I’ve struggled with stereotypes that surrounded my age for as long as I can remember. I never quite related to those in my age group – I lived life a lot faster. I vividly remember my father’s complaints on the matter; he’d frustratedly point out that I had skipped too many steps in life. It was never particularly my fault – the tumultuous childhood I experienced had forced me to mature at a much faster rate than normal. In fact, I don’t often reveal my age. I’m twenty years old – these very words tend to be rather off-putting to most. I suspect many fear twenty year olds and our reliability, or lack of it, and the spontaneous, emotional decisions that may overtake rationality. And to some extent, I find this to be understandable. Most twenty year olds I know are still chasing the unattainable, pulling wild all-nighters on work nights and prioritising trivial lustful encounters above all else. In other words – the life I lived from the ages of thirteen to seventeen. And don’t get me wrong, I don’t see anything wrong with enjoying the wild spontaneity that accompanies our youth. I just happen to have grown tired of it at an earlier age.
I don’t miss most youthful experiences. I don’t miss unendurable hangovers, repulsive shots of vodka lime, staying out till sunrise and the odd men I gravitated towards in my younger years. I don’t miss the friend groups I surrounded myself with in secondary school and all the trivial gossiping that formed a part of them. I don’t miss the recklessness, the lack of freedom, the need to abide by a scholastic routine and the financial struggles I knew. I don’t miss the mental maturity I lacked; the emotions that often surpassed a logical approach to most pivotal matters.
So really, what I’m trying to say is, I don’t quite understand the obsession with our youth. The desire to never grow old? It is rather baffling. Perhaps it may be incredibly naive of me to write this, given my actual age, but it seems as though life only improves by the years. I love building on the experiences life sends our way, and the lessons that accompany them. I love growing as a creative individual, as a freelancer, as a working woman. Wisdom is one of the greatest traits one could boast. Ageing gracefully, without all the cosmetic enhancements we’re accustomed to? It’s alluring. But the best part of all are the stories we’ll be able to tell in our latter years – the stories that accumulate over the years. I already have so many of them, tucked at the back of my mind, ones I’ll share with you in the form of a published creation one day… I can only excitedly anticipate the many more that will come.
Youthfulness is often messy, it just isn’t the best time of life. And I am well aware that I am still very much a part of that category – I’m young. And still living my early years, building my very first experiences. And nowhere as stable as I will likely be in ten or twenty years’ time. And the lessons I’ve yet to learn, oh, I’m sure they’re plentiful. But that excites me, and while I embrace the spontaneity that my life often boasts, I don’t at all fear ageing. And I don’t understand why anyone would!

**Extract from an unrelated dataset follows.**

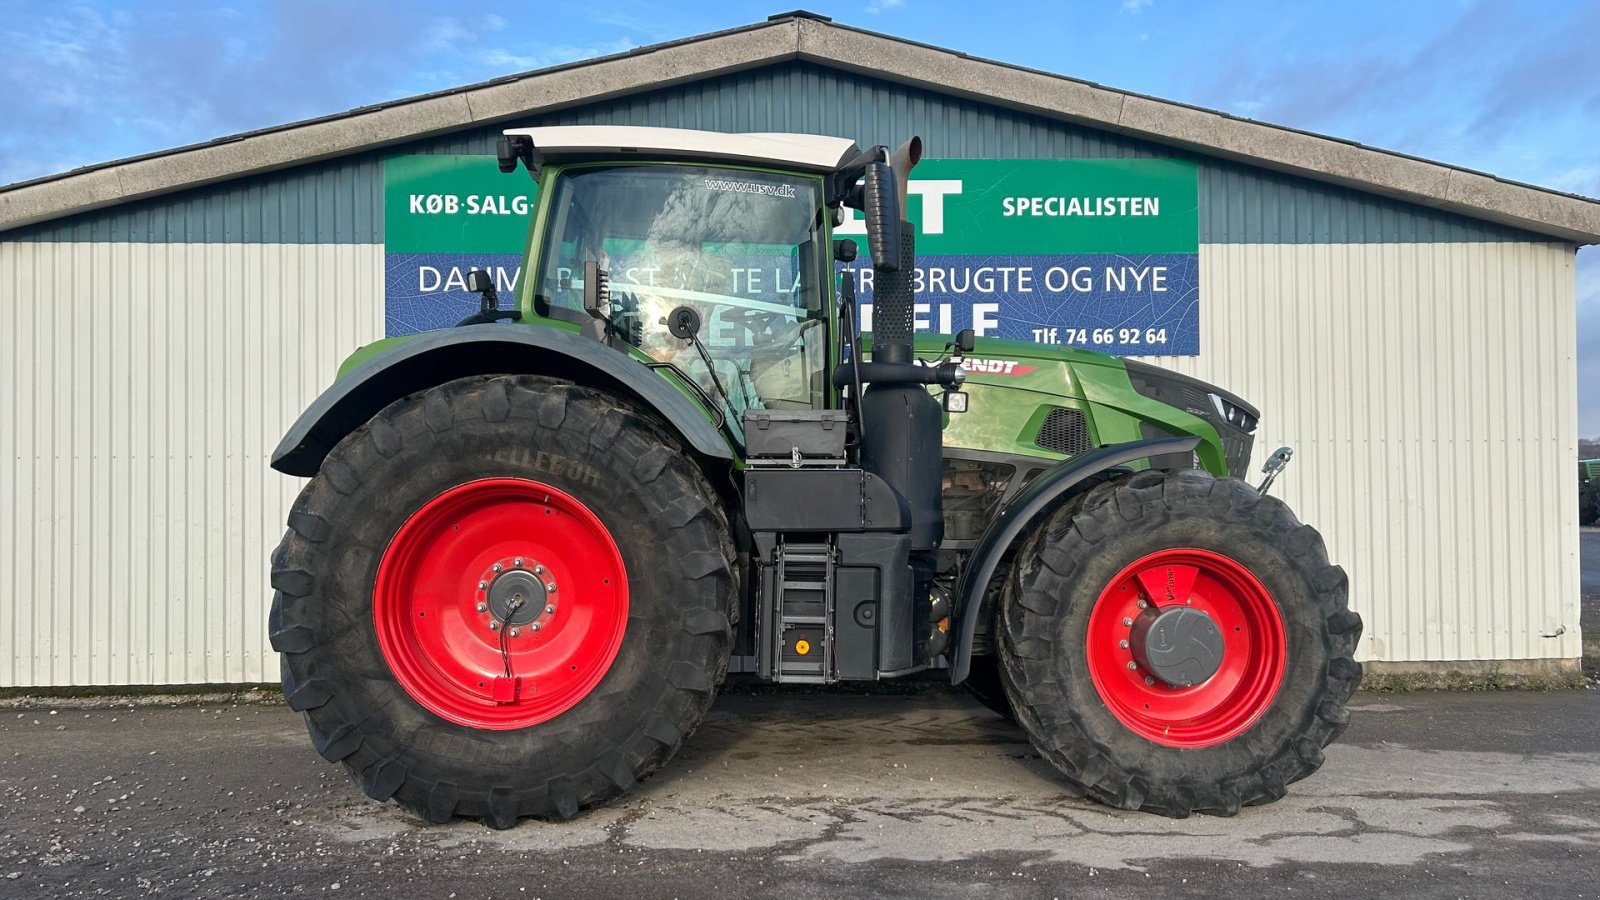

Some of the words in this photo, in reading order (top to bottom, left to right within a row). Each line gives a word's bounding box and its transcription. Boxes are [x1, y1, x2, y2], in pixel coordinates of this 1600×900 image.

And so, I am twenty and self-employed. I’m kickstarting a part of my career that most don’t till their late twenties or thirties, hence why I’ve been faced with so much judgment and disapproval. This need to escape the hierarchal job structure was already very much a reality for me at school and uni, and so at twenty, with the start of a new era, I did. Many cannot relate, but when you’ve grown up surrounded by self-employed artists, and when creativity has been so deeply ingrained in your being since childhood, knowing what you want at age twenty isn’t unnatural. Actually, my career is all I’ve ever truly known. Because when all else seemed futile or complicated? My creative urges remained, surpassing all else.
I suppose I am an old soul. I grew up in a household of collectibles and vintage memorabilia, and now, you’ll find me chasing the beautiful pre-owned items that boast their own story. I’ll choose a glass of red wine over messy shots in a heartbeat, and classic clothing over anything else. I’ll switch between Liszt and Sinatra and struggle with most recent pop and rap songs. My friends, my partner, they’re mostly five to ten years older than myself. It’s inevitably a part of who I am. It is to no surprise that the decisions I make today are also not typically those made by others my age, but I’ll still unapologetically follow my dreams and encourage you to do the same.